Currently I am reading Design for the Changing Educational Landscape: Space, Place and the Future of Learning (Harrison & Hutton). The book was published in 2014 and cites research and white papers dating back to the early 2000s. People were having the conversations then, the same ones that we are having now. A quote in the book is from the Design Council (UK) “Learning Environments Campaign Prospectus: From the Inside Out Looking In” (2005)
The 2005 research showed low quality, standardised and institutional classroom environments and resources are not just uninspiring, they actually:
- reduce the range of teaching and learning styles possible and affect interaction between teacher and student
- undermine the value placed on learning
- fail to adapt to individual needs
- hinder creativity
- are inefficient
- waste time and effort
- cost more in the long term
Too often the imperative of the urgent and the need to meet the budget stops school leaders from stepping back to ask the right questions. So instead they default to what schools have always done, perhaps based on the expectations of parents, governors or media.

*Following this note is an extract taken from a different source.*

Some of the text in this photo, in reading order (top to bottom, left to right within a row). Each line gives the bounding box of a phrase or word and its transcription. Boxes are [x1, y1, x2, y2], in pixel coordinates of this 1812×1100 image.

10 Questions to stop asking:
- What buildings do we want?
- How many classrooms do we need?
- What are the external distractions that need to be minimised?

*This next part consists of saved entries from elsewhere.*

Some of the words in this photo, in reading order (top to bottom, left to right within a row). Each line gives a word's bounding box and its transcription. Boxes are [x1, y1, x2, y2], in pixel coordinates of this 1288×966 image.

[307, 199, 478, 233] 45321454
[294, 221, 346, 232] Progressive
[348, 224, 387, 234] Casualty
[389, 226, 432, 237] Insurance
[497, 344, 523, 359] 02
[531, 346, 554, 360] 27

- What are the subjects we need to teach?
- How many desks and chairs do we need?
- Where do we put the whiteboard?
- Can all the students see the teacher/whiteboard/front?

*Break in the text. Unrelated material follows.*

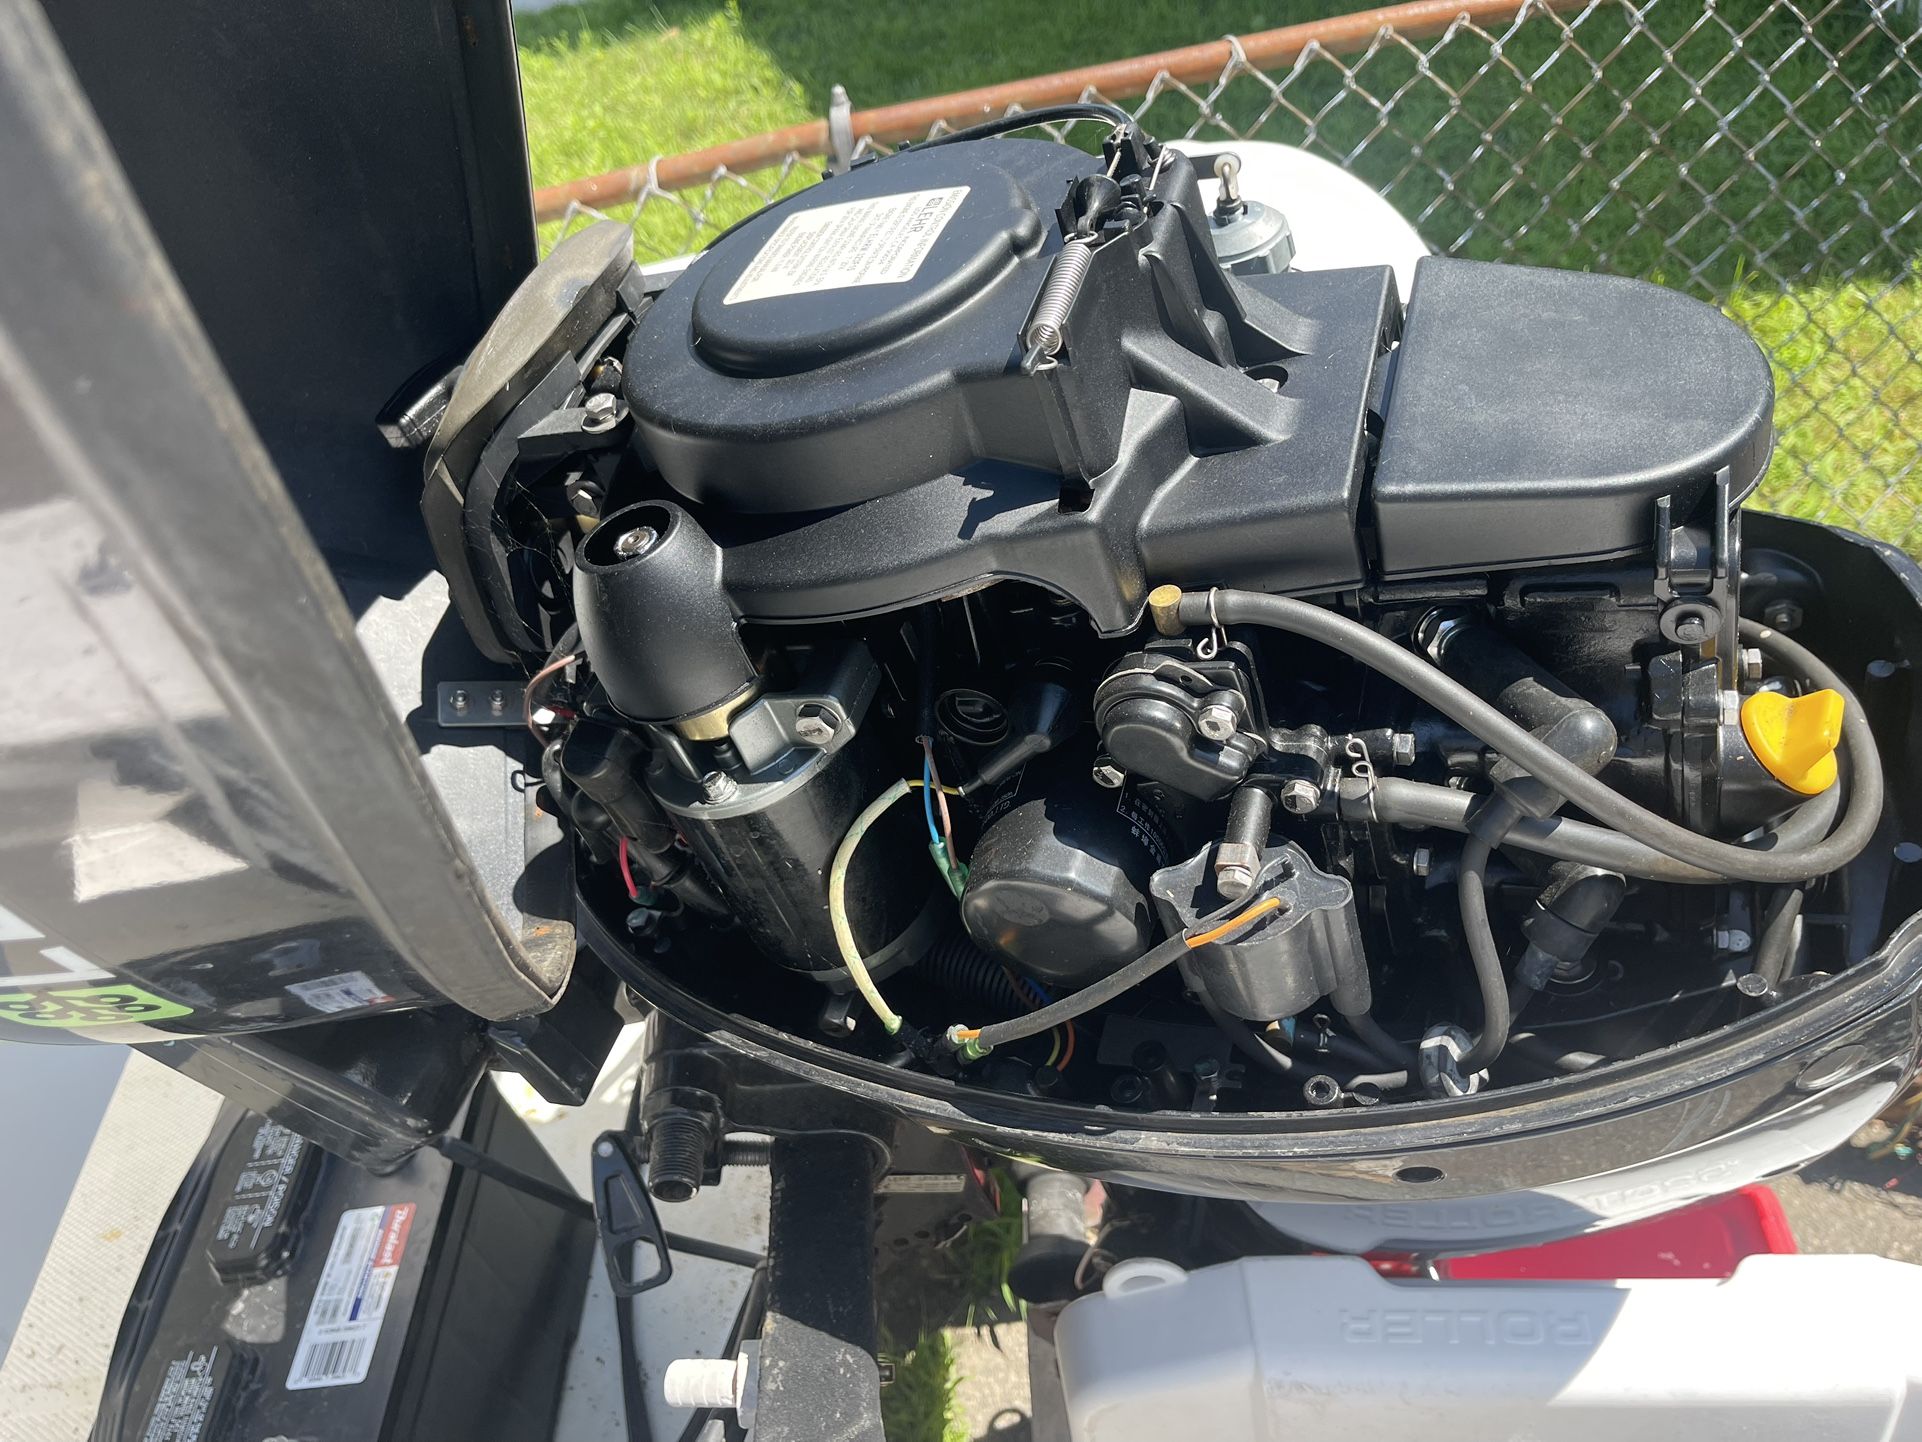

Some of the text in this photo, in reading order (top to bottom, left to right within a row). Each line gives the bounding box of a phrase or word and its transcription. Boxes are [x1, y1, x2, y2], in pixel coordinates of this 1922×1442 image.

[905, 204, 939, 234] LEHR
[384, 1205, 410, 1265] Duralast
[1339, 1309, 1593, 1345] ROLLER

- Where are the noticeboards to display student work?
- Where do we put the teachers desk?
- What technology do we need today?
The Design Council paper includes this annotated photo, a snapshot in time that could be the reality in many schools today, 10 years later. What does it tell us?
Internal decor: Standardised institutional environment lacks character and fails to complement other aspects of design
Displays: Static and scrappy displays of student work rapidly become wallpaper.
Teacher’s desk: Teacher zone supports didactic approach and mindset among teachers and pupils
Technology: When technology is not embedded within design the environment will not support ongoing flexible adaptation
Desks and arrangement of furniture
- Middle of the class: Children not wanting to answer questions sit outside this area
- Desks at the back: Children wanting to misbehave sit here
Light: Lack of control over light
Furniture: Inflexible desks and chairs inhibit group work and movement
In 2009, the Salford Centre for Research and Innovation in the Built and Human Environment Barrett and Zhang emphasised the link between learning and space.
Barrett and Zhang do not believe it is possible to create a plan that will work forever, however…three key issues seem to link school design with considerations of individualisation, and provide a framework within which change can take place.
These three issues are choice, flexibility and connection.
Taking the time to think ahead, to understand the learning and social needs of students and provide the learning environment that students need, there are alternative questions that can be asked:
- What kind of learning do we want to see?
- What are the learning relationships we want to encourage?
- How much natural light and outside inspiration can we accommodate?
- What tools and resources are available to us to support students’ learning?
- What furniture facilitate the learning environment we need?
- What focal points are required?
- Where will the variety of learning modes happen in the space?
- How do we share the creativity and innovation of students?
- How do we facilitate the storage needs for the teacher?
- What (do we imagine) will be our technology needs in the future?
There are probably many more, but this is a start.